## About this task:
Would you please output the records exactly as they appear below?
● ● ● ● ● ● ●
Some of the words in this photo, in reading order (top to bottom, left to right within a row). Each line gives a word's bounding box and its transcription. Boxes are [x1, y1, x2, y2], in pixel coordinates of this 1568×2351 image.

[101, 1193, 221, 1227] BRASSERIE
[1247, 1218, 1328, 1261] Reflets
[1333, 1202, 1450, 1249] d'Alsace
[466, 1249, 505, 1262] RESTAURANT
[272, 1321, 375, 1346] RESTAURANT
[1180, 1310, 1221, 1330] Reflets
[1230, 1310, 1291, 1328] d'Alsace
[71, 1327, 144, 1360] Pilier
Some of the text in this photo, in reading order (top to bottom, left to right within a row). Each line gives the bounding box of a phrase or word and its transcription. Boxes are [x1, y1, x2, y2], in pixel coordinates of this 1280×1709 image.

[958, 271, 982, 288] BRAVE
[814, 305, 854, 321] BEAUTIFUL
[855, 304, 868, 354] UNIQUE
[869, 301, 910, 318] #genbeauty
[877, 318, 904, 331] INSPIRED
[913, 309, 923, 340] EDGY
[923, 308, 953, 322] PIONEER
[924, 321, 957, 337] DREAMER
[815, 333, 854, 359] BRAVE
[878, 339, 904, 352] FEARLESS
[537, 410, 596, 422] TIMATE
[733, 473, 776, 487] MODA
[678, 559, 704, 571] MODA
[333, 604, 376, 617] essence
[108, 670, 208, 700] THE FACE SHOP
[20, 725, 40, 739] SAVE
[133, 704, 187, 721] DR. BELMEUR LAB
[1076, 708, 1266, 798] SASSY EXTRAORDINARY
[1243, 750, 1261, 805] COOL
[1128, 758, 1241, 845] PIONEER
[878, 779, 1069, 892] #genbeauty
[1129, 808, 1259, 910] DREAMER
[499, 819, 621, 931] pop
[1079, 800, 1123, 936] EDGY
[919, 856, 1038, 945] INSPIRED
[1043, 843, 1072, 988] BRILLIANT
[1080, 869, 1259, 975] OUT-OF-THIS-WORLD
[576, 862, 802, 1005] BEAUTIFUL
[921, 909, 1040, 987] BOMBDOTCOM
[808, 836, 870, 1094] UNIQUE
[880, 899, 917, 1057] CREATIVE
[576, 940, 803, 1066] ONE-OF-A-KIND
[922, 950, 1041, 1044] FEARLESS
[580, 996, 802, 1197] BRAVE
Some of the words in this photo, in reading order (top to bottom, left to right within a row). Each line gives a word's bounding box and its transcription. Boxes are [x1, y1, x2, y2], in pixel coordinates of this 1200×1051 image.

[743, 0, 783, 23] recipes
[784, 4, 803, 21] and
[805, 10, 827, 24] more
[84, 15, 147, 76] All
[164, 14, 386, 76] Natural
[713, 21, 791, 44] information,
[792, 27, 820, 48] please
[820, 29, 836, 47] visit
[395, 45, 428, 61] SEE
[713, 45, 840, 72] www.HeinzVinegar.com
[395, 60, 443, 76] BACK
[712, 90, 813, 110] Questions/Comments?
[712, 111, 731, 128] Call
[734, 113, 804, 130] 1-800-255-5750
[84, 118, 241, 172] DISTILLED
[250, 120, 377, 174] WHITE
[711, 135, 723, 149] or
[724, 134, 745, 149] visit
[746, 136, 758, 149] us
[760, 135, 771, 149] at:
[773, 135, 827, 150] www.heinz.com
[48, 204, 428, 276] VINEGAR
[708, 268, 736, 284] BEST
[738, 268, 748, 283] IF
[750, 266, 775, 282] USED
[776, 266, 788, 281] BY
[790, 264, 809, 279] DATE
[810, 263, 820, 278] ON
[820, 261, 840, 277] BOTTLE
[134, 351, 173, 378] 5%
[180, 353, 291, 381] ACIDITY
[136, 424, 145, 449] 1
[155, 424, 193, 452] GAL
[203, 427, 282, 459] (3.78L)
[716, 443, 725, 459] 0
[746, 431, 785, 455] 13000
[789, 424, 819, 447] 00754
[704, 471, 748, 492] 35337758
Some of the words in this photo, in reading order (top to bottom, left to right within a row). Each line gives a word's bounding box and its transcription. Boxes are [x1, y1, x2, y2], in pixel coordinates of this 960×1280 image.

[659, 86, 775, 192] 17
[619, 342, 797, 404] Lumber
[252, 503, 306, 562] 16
● ● ● ● ● ● ●
## Solution for this exercise:
Some of the words in this photo, in reading order (top to bottom, left to right within a row). Each line gives a word's bounding box and its transcription. Boxes are [x1, y1, x2, y2], in pixel coordinates of this 1568×2351 image.

[101, 1193, 221, 1227] BRASSERIE
[1247, 1218, 1328, 1261] Reflets
[1333, 1202, 1450, 1249] d'Alsace
[466, 1249, 505, 1262] RESTAURANT
[272, 1321, 375, 1346] RESTAURANT
[1180, 1310, 1221, 1330] Reflets
[1230, 1310, 1291, 1328] d'Alsace
[71, 1327, 144, 1360] Pilier
Some of the text in this photo, in reading order (top to bottom, left to right within a row). Each line gives the bounding box of a phrase or word and its transcription. Boxes are [x1, y1, x2, y2], in pixel coordinates of this 1280×1709 image.

[958, 271, 982, 288] BRAVE
[814, 305, 854, 321] BEAUTIFUL
[855, 304, 868, 354] UNIQUE
[869, 301, 910, 318] #genbeauty
[877, 318, 904, 331] INSPIRED
[913, 309, 923, 340] EDGY
[923, 308, 953, 322] PIONEER
[924, 321, 957, 337] DREAMER
[815, 333, 854, 359] BRAVE
[878, 339, 904, 352] FEARLESS
[537, 410, 596, 422] TIMATE
[733, 473, 776, 487] MODA
[678, 559, 704, 571] MODA
[333, 604, 376, 617] essence
[108, 670, 208, 700] THE FACE SHOP
[20, 725, 40, 739] SAVE
[133, 704, 187, 721] DR. BELMEUR LAB
[1076, 708, 1266, 798] SASSY EXTRAORDINARY
[1243, 750, 1261, 805] COOL
[1128, 758, 1241, 845] PIONEER
[878, 779, 1069, 892] #genbeauty
[1129, 808, 1259, 910] DREAMER
[499, 819, 621, 931] pop
[1079, 800, 1123, 936] EDGY
[919, 856, 1038, 945] INSPIRED
[1043, 843, 1072, 988] BRILLIANT
[1080, 869, 1259, 975] OUT-OF-THIS-WORLD
[576, 862, 802, 1005] BEAUTIFUL
[921, 909, 1040, 987] BOMBDOTCOM
[808, 836, 870, 1094] UNIQUE
[880, 899, 917, 1057] CREATIVE
[576, 940, 803, 1066] ONE-OF-A-KIND
[922, 950, 1041, 1044] FEARLESS
[580, 996, 802, 1197] BRAVE
Some of the words in this photo, in reading order (top to bottom, left to right within a row). Each line gives a word's bounding box and its transcription. Boxes are [x1, y1, x2, y2], in pixel coordinates of this 1200×1051 image.

[743, 0, 783, 23] recipes
[784, 4, 803, 21] and
[805, 10, 827, 24] more
[84, 15, 147, 76] All
[164, 14, 386, 76] Natural
[713, 21, 791, 44] information,
[792, 27, 820, 48] please
[820, 29, 836, 47] visit
[395, 45, 428, 61] SEE
[713, 45, 840, 72] www.HeinzVinegar.com
[395, 60, 443, 76] BACK
[712, 90, 813, 110] Questions/Comments?
[712, 111, 731, 128] Call
[734, 113, 804, 130] 1-800-255-5750
[84, 118, 241, 172] DISTILLED
[250, 120, 377, 174] WHITE
[711, 135, 723, 149] or
[724, 134, 745, 149] visit
[746, 136, 758, 149] us
[760, 135, 771, 149] at:
[773, 135, 827, 150] www.heinz.com
[48, 204, 428, 276] VINEGAR
[708, 268, 736, 284] BEST
[738, 268, 748, 283] IF
[750, 266, 775, 282] USED
[776, 266, 788, 281] BY
[790, 264, 809, 279] DATE
[810, 263, 820, 278] ON
[820, 261, 840, 277] BOTTLE
[134, 351, 173, 378] 5%
[180, 353, 291, 381] ACIDITY
[136, 424, 145, 449] 1
[155, 424, 193, 452] GAL
[203, 427, 282, 459] (3.78L)
[716, 443, 725, 459] 0
[746, 431, 785, 455] 13000
[789, 424, 819, 447] 00754
[704, 471, 748, 492] 35337758
Some of the words in this photo, in reading order (top to bottom, left to right within a row). Each line gives a word's bounding box and its transcription. Boxes are [x1, y1, x2, y2], in pixel coordinates of this 960×1280 image.

[659, 86, 775, 192] 17
[619, 342, 797, 404] Lumber
[252, 503, 306, 562] 16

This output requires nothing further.